_The task_.
Please reproduce every record exactly as written, leaving out the pictures.

_Data shown_.
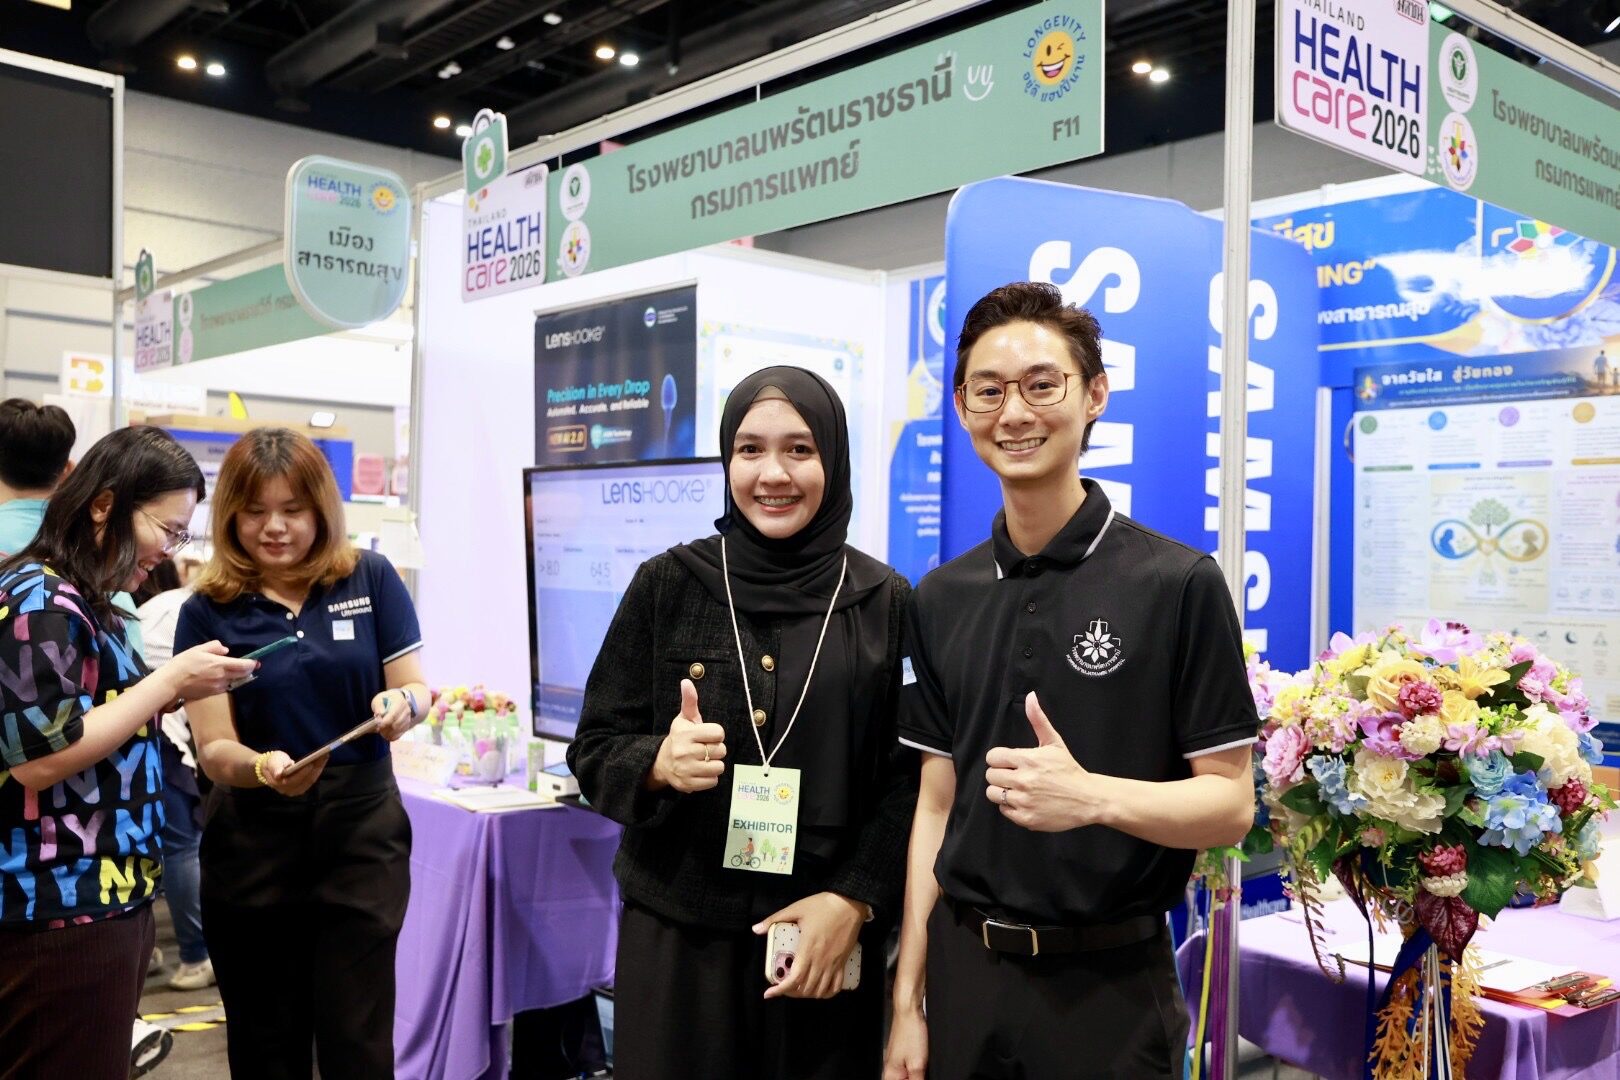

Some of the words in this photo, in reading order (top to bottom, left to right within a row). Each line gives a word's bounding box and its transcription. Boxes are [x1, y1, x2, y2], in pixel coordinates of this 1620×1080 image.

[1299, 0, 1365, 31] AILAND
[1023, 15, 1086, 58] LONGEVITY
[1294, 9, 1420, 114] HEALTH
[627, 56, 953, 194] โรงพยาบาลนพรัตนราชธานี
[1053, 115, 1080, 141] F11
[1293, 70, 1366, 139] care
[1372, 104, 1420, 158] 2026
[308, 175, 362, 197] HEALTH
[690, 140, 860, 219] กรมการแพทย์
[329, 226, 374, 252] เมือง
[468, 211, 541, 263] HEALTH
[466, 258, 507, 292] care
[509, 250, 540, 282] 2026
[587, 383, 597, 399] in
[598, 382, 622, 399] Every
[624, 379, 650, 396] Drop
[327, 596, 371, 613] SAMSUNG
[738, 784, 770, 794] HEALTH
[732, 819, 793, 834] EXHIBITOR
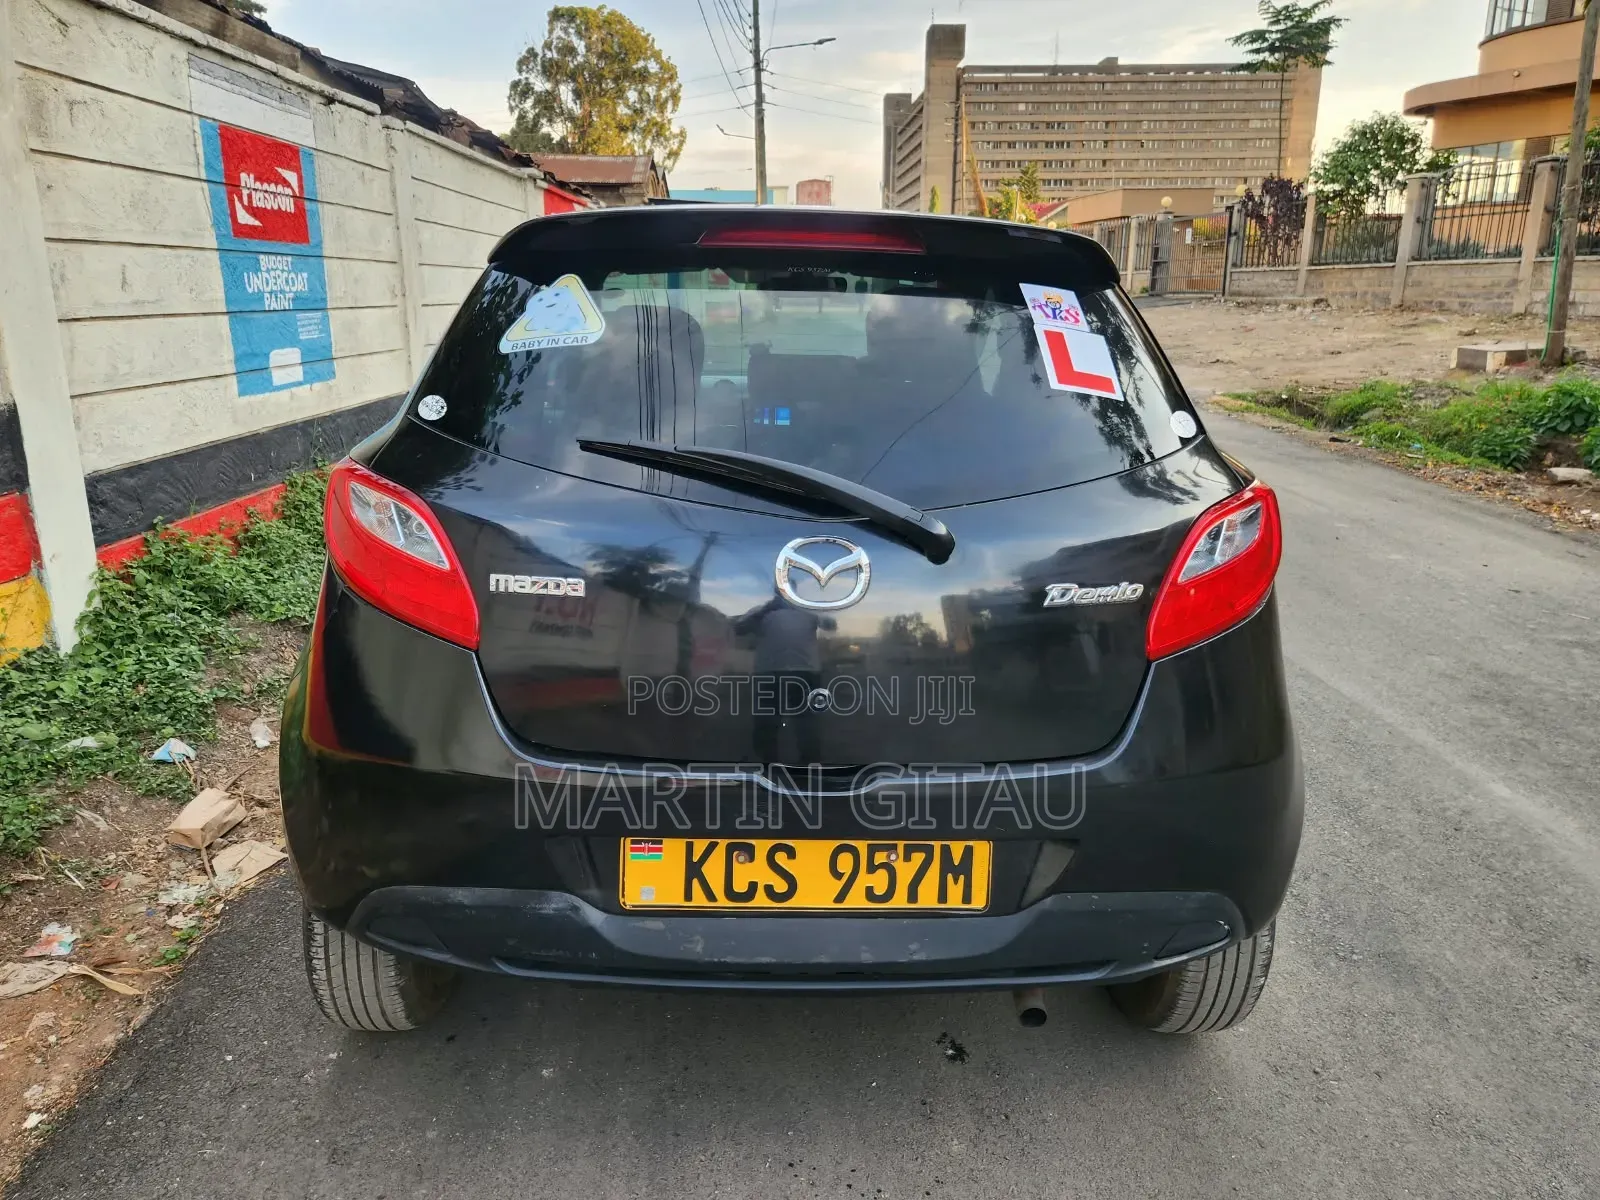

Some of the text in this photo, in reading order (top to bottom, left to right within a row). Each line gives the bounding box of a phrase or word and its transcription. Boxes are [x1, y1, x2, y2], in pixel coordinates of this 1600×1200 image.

_Result of the exercise_.
Some of the words in this photo, in reading order (top to bottom, left to right within a row). Each line gives a word's bounding box and its transcription. Boxes are [x1, y1, x2, y2], in pixel coordinates of this 1620×1080 image.

[1299, 0, 1365, 31] AILAND
[1023, 15, 1086, 58] LONGEVITY
[1294, 9, 1420, 114] HEALTH
[627, 56, 953, 194] โรงพยาบาลนพรัตนราชธานี
[1053, 115, 1080, 141] F11
[1293, 70, 1366, 139] care
[1372, 104, 1420, 158] 2026
[308, 175, 362, 197] HEALTH
[690, 140, 860, 219] กรมการแพทย์
[329, 226, 374, 252] เมือง
[468, 211, 541, 263] HEALTH
[466, 258, 507, 292] care
[509, 250, 540, 282] 2026
[587, 383, 597, 399] in
[598, 382, 622, 399] Every
[624, 379, 650, 396] Drop
[327, 596, 371, 613] SAMSUNG
[738, 784, 770, 794] HEALTH
[732, 819, 793, 834] EXHIBITOR

Some of the text in this photo, in reading order (top to bottom, left to right within a row). Each line gives the bounding box of a phrase or word and its transcription. Boxes are [x1, y1, x2, y2], in pixel coordinates of this 1600×1200 image.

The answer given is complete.